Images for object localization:
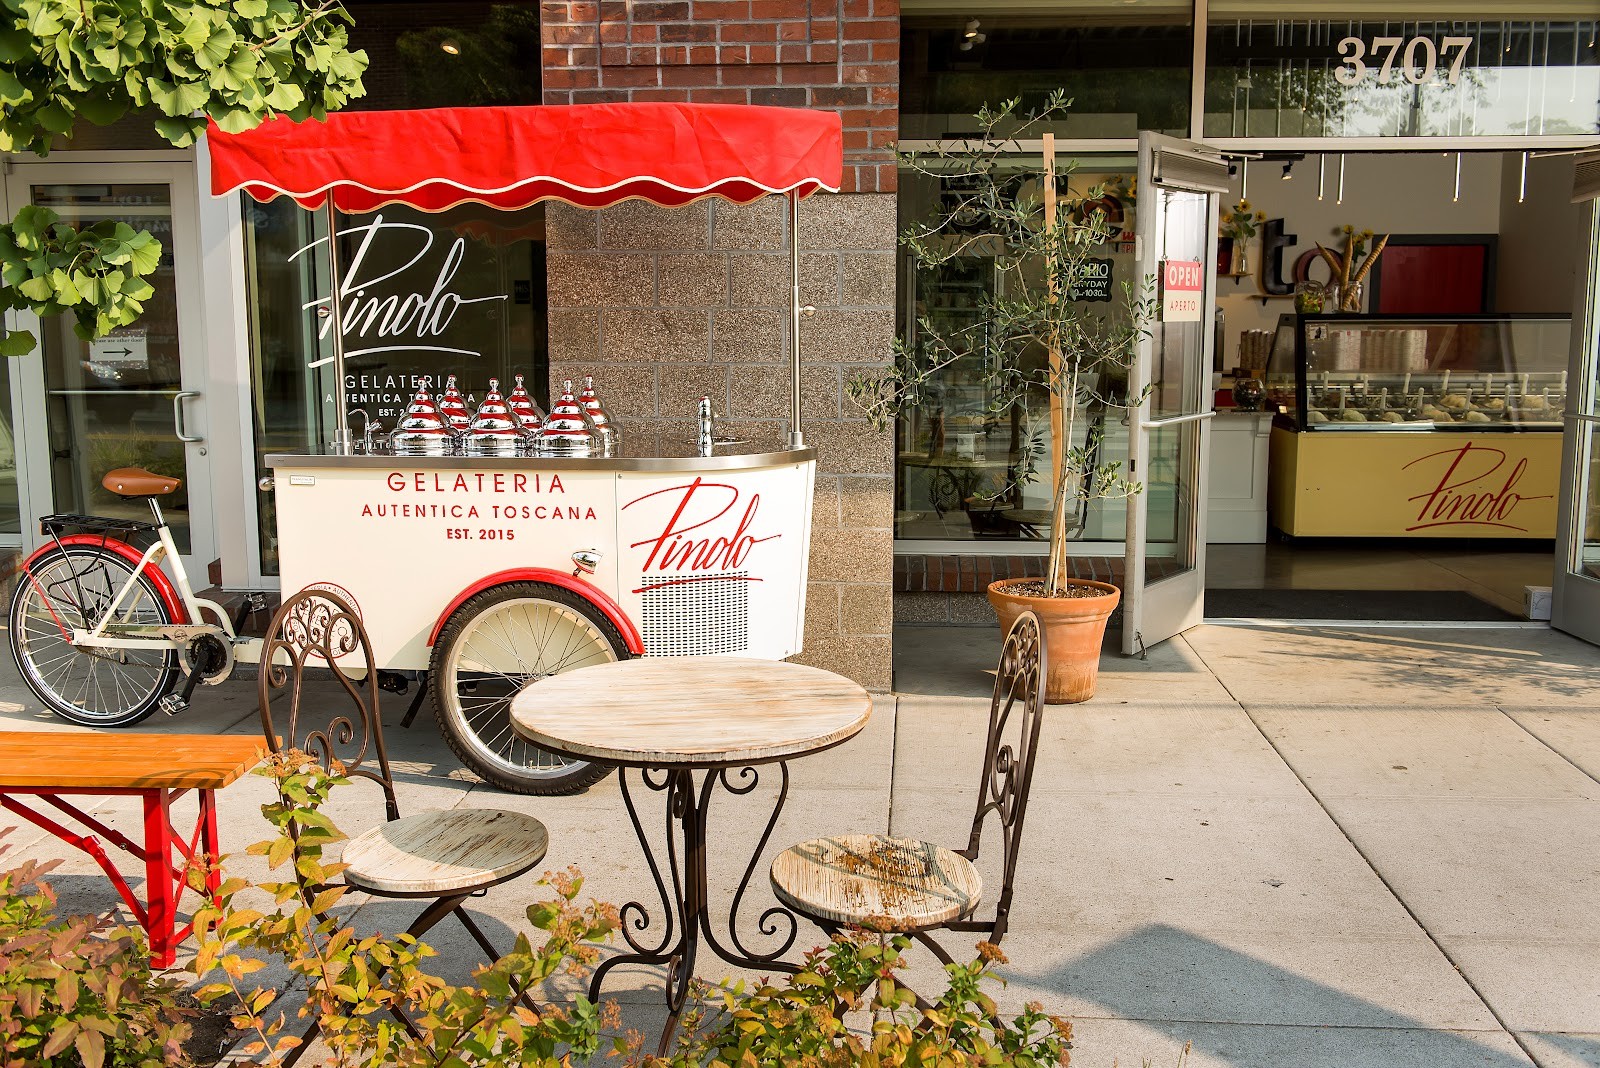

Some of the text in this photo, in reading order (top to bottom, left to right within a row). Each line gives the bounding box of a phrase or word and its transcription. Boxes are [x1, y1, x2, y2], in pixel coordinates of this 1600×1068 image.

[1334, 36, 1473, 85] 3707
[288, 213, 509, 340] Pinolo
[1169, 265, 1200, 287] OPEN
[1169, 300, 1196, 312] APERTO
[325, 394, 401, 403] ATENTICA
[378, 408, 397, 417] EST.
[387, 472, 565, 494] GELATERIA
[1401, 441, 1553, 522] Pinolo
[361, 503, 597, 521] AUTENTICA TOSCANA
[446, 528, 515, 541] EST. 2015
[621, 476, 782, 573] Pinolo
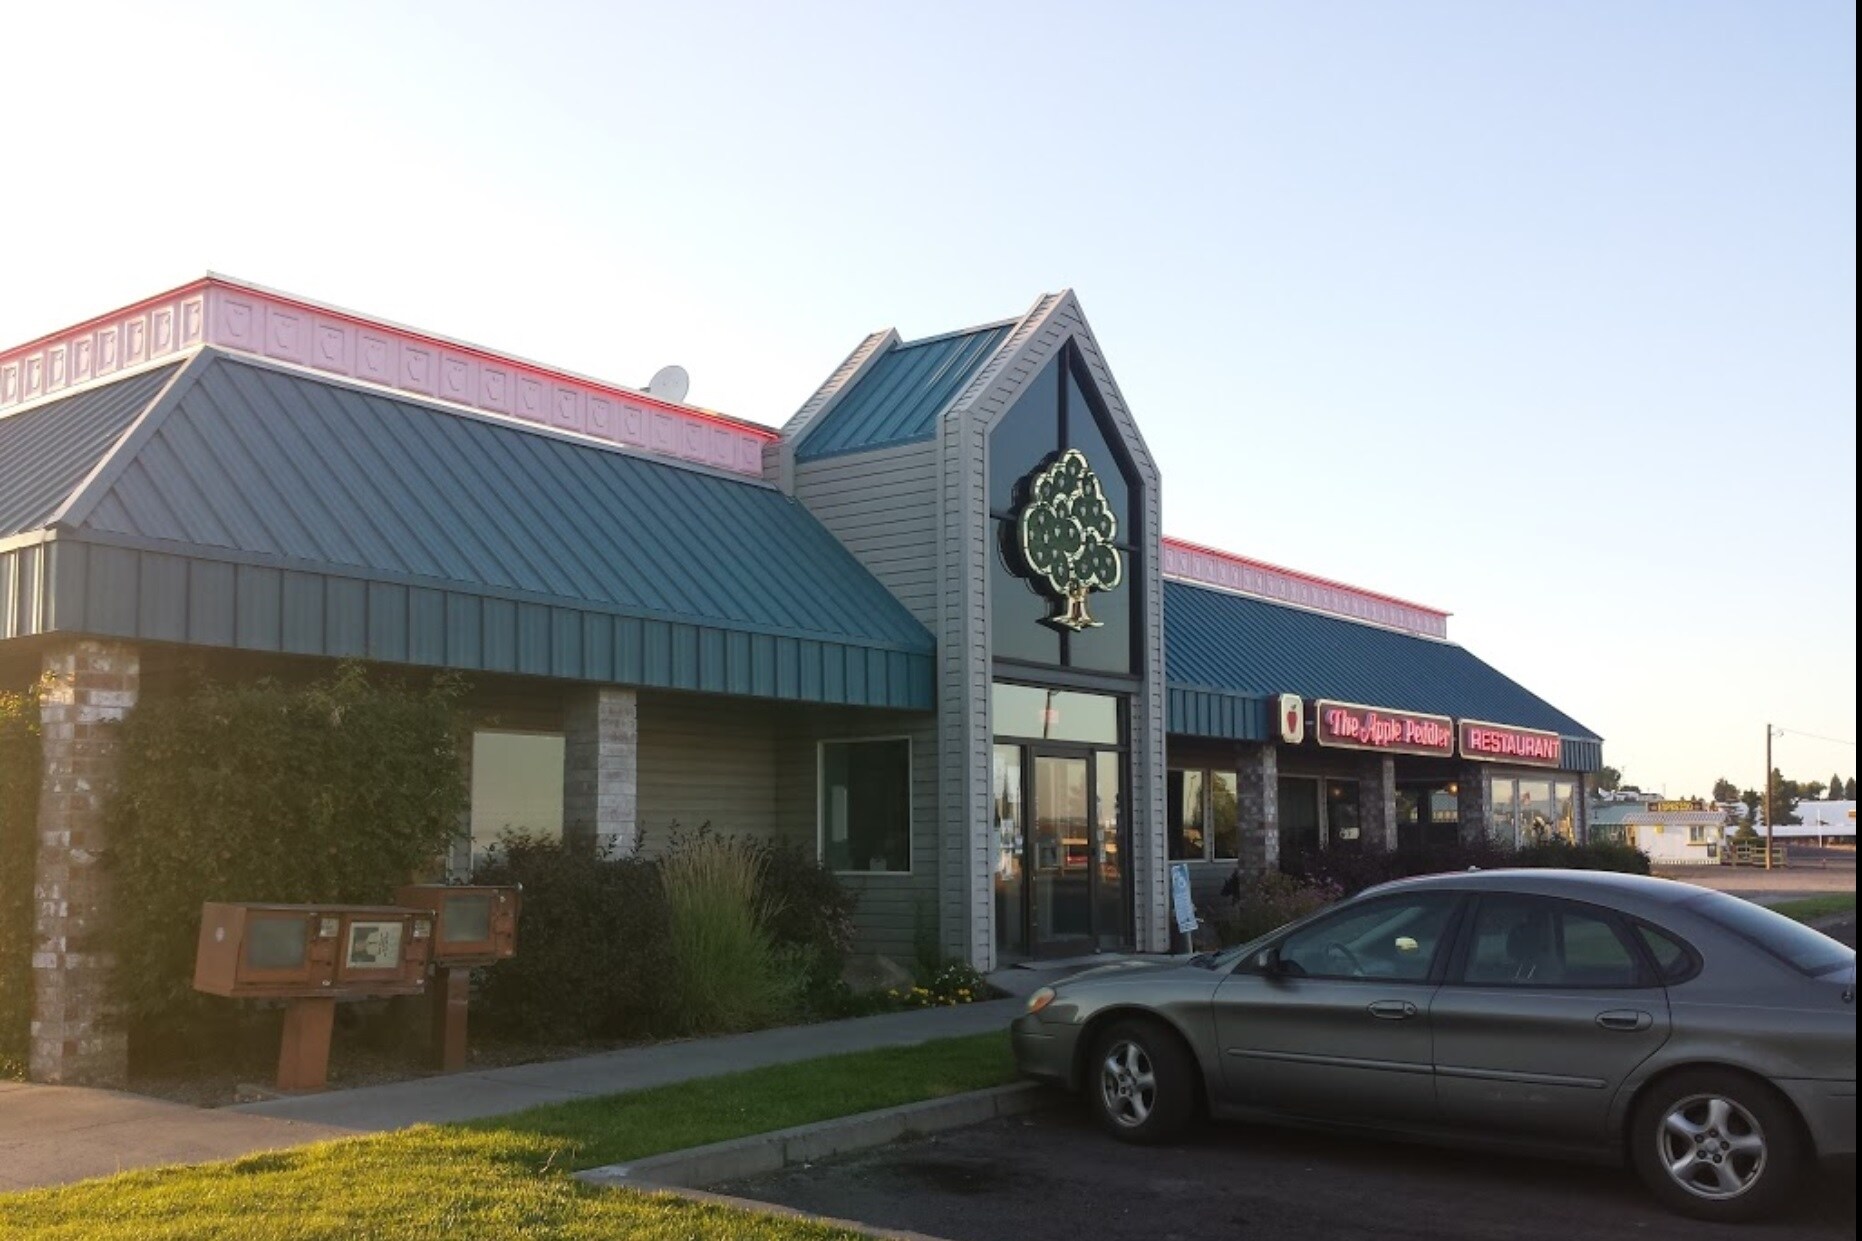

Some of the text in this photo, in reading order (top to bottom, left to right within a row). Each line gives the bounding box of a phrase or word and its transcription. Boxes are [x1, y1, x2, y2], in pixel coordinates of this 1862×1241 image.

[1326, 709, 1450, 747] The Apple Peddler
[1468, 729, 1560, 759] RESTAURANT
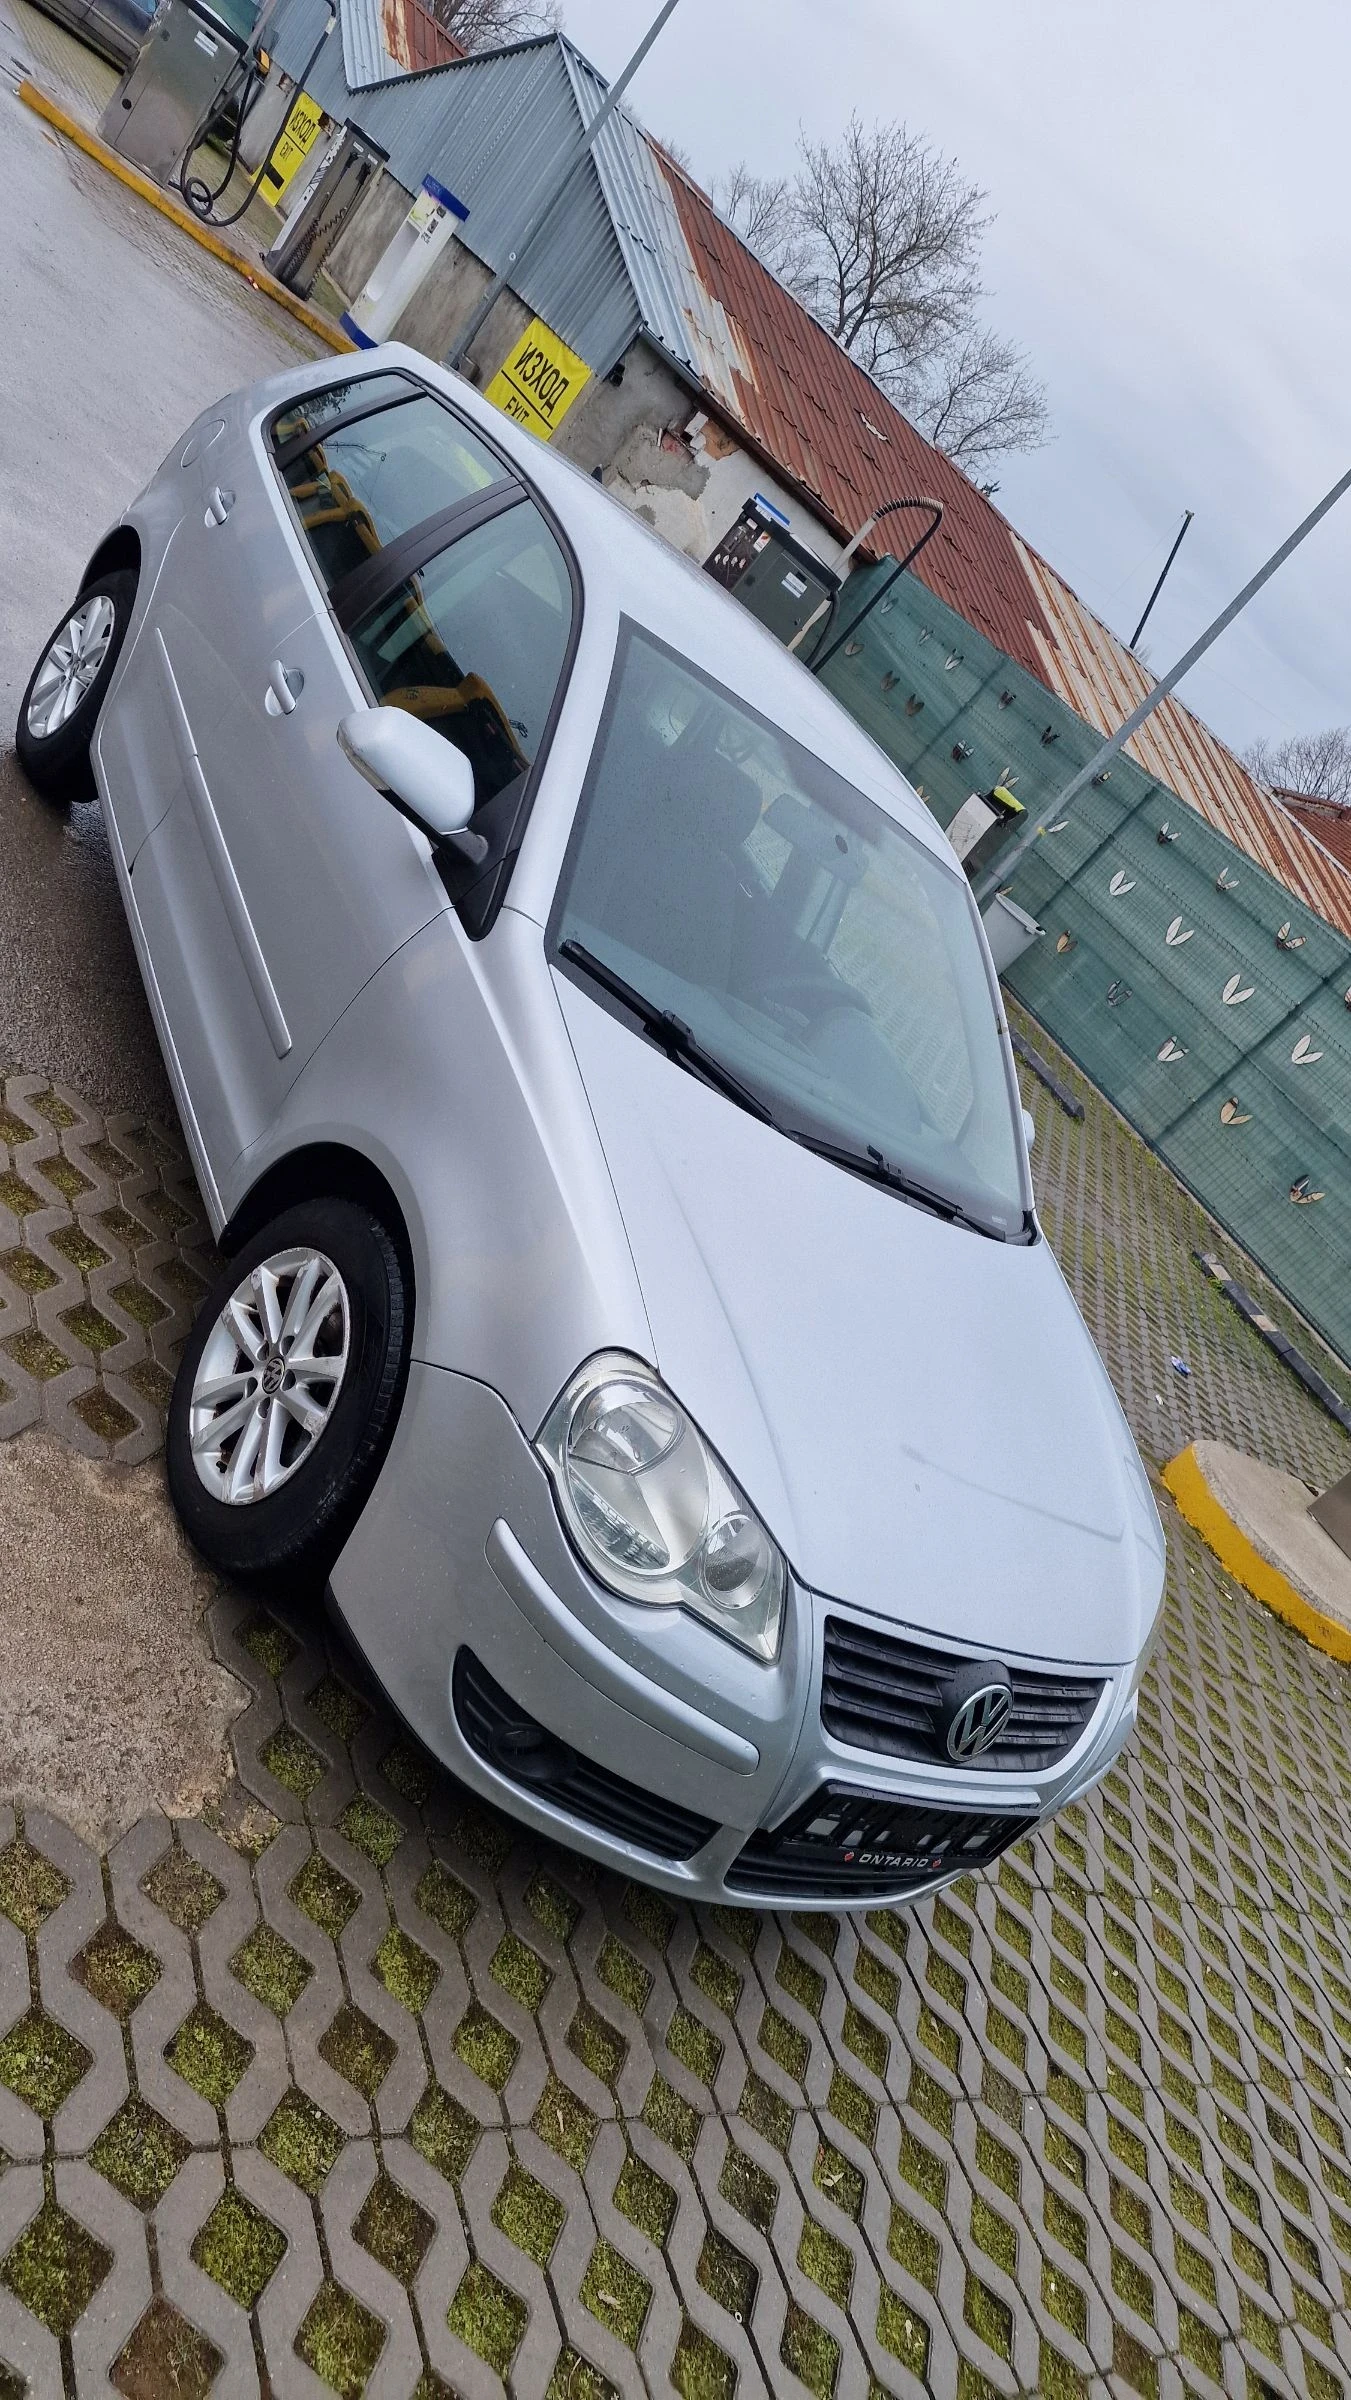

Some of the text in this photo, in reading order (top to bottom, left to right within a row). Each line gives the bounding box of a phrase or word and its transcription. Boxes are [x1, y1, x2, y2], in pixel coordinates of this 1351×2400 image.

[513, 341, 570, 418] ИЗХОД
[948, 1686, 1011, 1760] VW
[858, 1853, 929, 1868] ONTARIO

### WORK ORDER
All of the records need to be restated word for word, but not the pictures.

### EXERCISE RESPONSE
Some of the text in this photo, in reading order (top to bottom, left to right within a row). Each line gives the bounding box of a phrase or word and its transcription. Boxes are [x1, y1, x2, y2], in pixel coordinates of this 1600×1068 image.

[1334, 36, 1473, 85] 3707
[288, 213, 509, 340] Pinolo
[1169, 265, 1200, 287] OPEN
[1169, 300, 1196, 312] APERTO
[325, 394, 401, 403] ATENTICA
[378, 408, 397, 417] EST.
[387, 472, 565, 494] GELATERIA
[1401, 441, 1553, 522] Pinolo
[361, 503, 597, 521] AUTENTICA TOSCANA
[446, 528, 515, 541] EST. 2015
[621, 476, 782, 573] Pinolo

Some of the text in this photo, in reading order (top to bottom, left to right within a row). Each line gives the bounding box of a phrase or word and its transcription. Boxes are [x1, y1, x2, y2], in pixel coordinates of this 1862×1241 image.

[1326, 709, 1450, 747] The Apple Peddler
[1468, 729, 1560, 759] RESTAURANT

Some of the text in this photo, in reading order (top to bottom, left to right within a row). Each line gives the bounding box of a phrase or word and its transcription. Boxes are [x1, y1, x2, y2], in pixel coordinates of this 1351×2400 image.

[513, 341, 570, 418] ИЗХОД
[948, 1686, 1011, 1760] VW
[858, 1853, 929, 1868] ONTARIO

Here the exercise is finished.